Gesundes Kinzigtal, meanwhile, is a private health management company operating in Germany. Its model includes provider performance measures codesigned by physicians and patients, an internal dashboard that allows physicians to see their comparative performance, and a long-term shared savings contract between providers and insurers. Gesundes Kinzigtal keeps surplus revenue, determined by the difference between actual healthcare costs and a regional benchmark defined as the average risk-adjusted cost of care. This financial arrangement enables Gesundes Kinzigtal to manage care across providers and facilitate patient self management programs and other initiatives that prevent the progression of chronic diseases. Nine years after the start of the intervention, the model generated a 7 percent reduction in per enrollee cost compared to costs in the general population.

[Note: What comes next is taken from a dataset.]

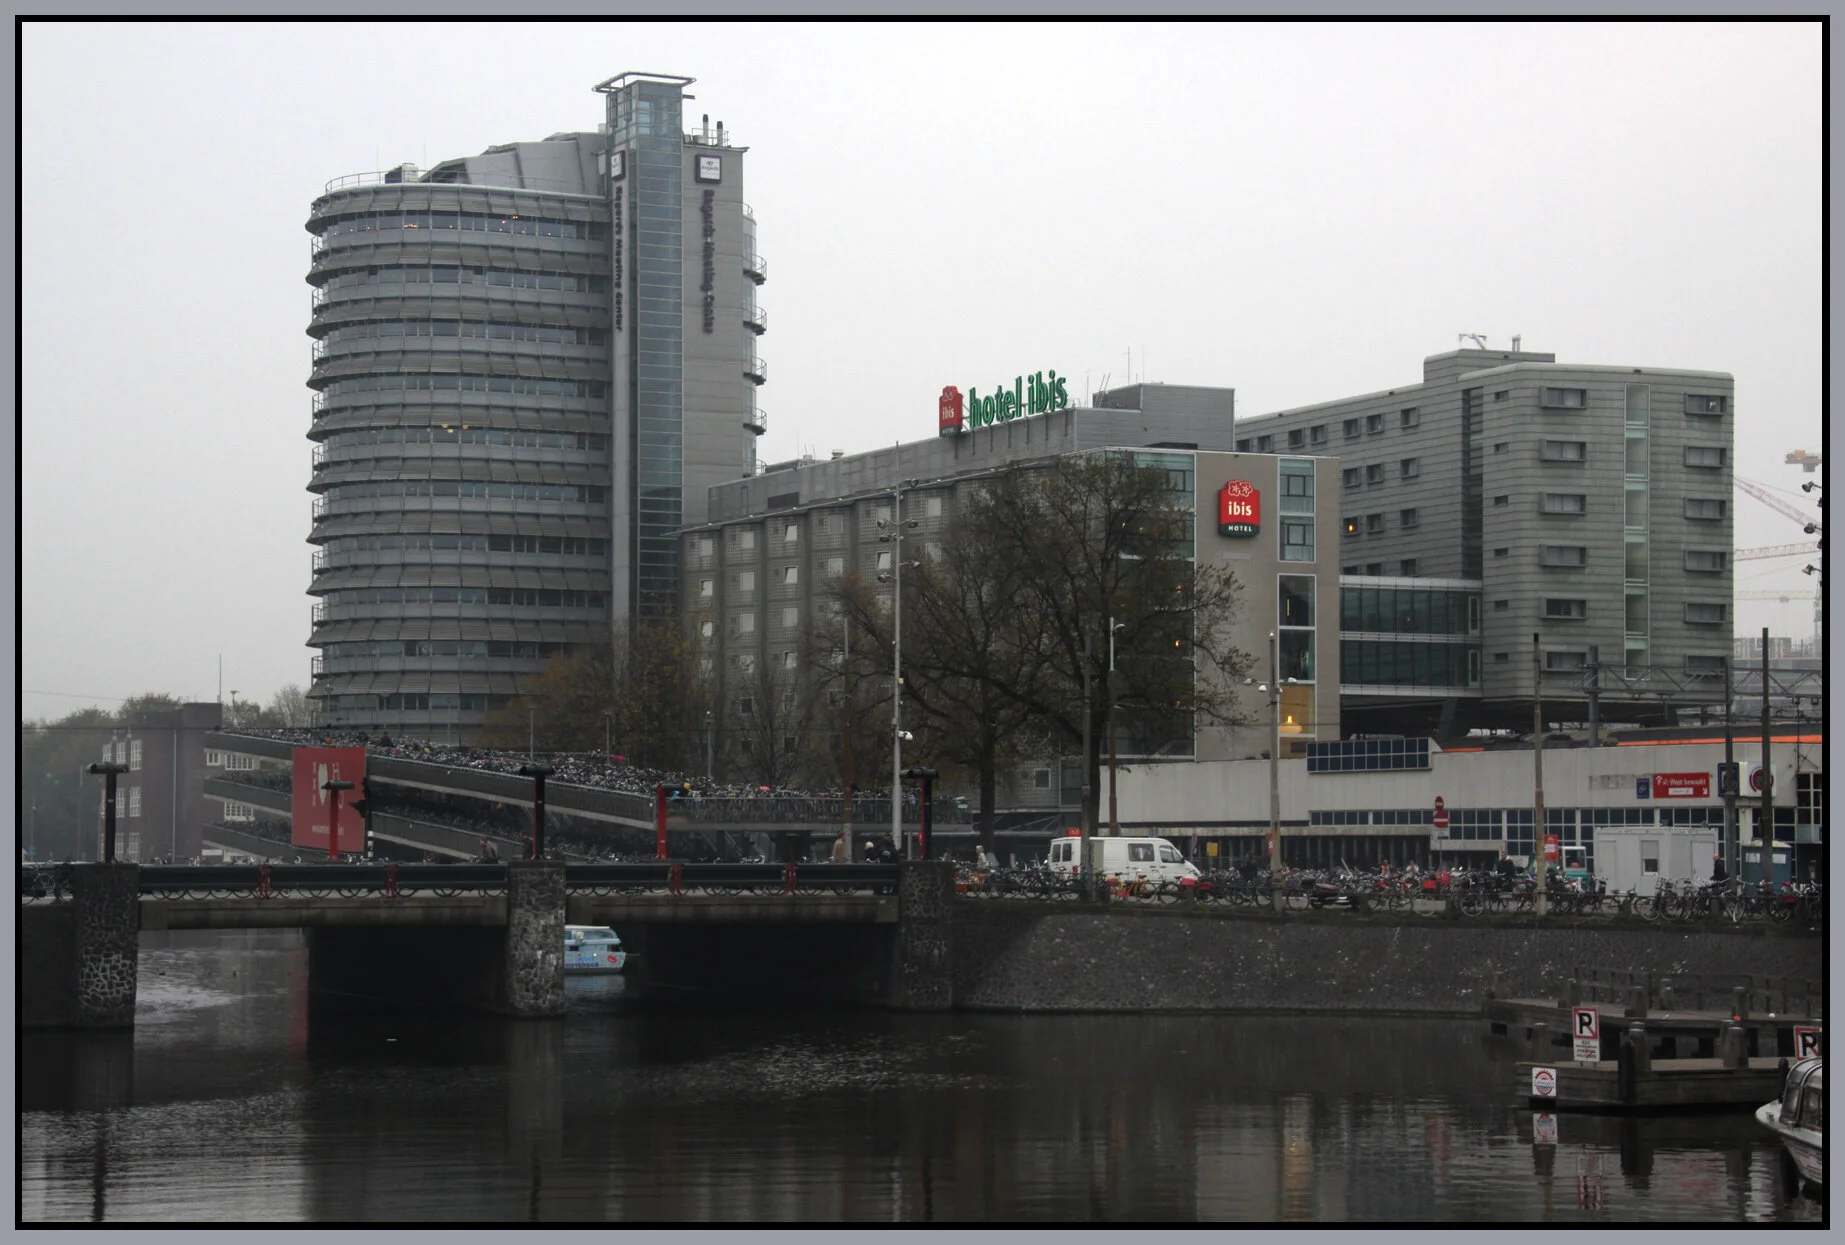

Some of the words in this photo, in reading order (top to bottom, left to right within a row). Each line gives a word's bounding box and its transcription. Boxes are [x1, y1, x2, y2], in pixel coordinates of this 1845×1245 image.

[969, 375, 1023, 429] hotel
[1028, 369, 1068, 415] ibis
[942, 406, 955, 420] ibis
[1228, 501, 1252, 516] ibis

Those examples, according to the study, exemplify seven competencies that are key to ACO reform in the U.S.: governance and culture, which requires sufficient leadership to shift an organization's focus toward achieving better patient outcomes and value; financial readiness, which makes it possible for an organization to bear risk and reallocate financial resources; health information technology, or the infrastructure and analytics needed to support patient-centered care; patient risk assessment and stratification, which make it possible to target interventions; patient engagement, or embedding the patient perspective across organizational processes; quality and process improvement, or activities linked to performance measures and mechanisms that provide feedback on performance to provide better care; and care coordination, or integrated workflows to support continuity of care.
Providers, payers and policymakers can learn from those examples, the authors said, and implement models and policies that bolster population health outcomes and the efficiency of care.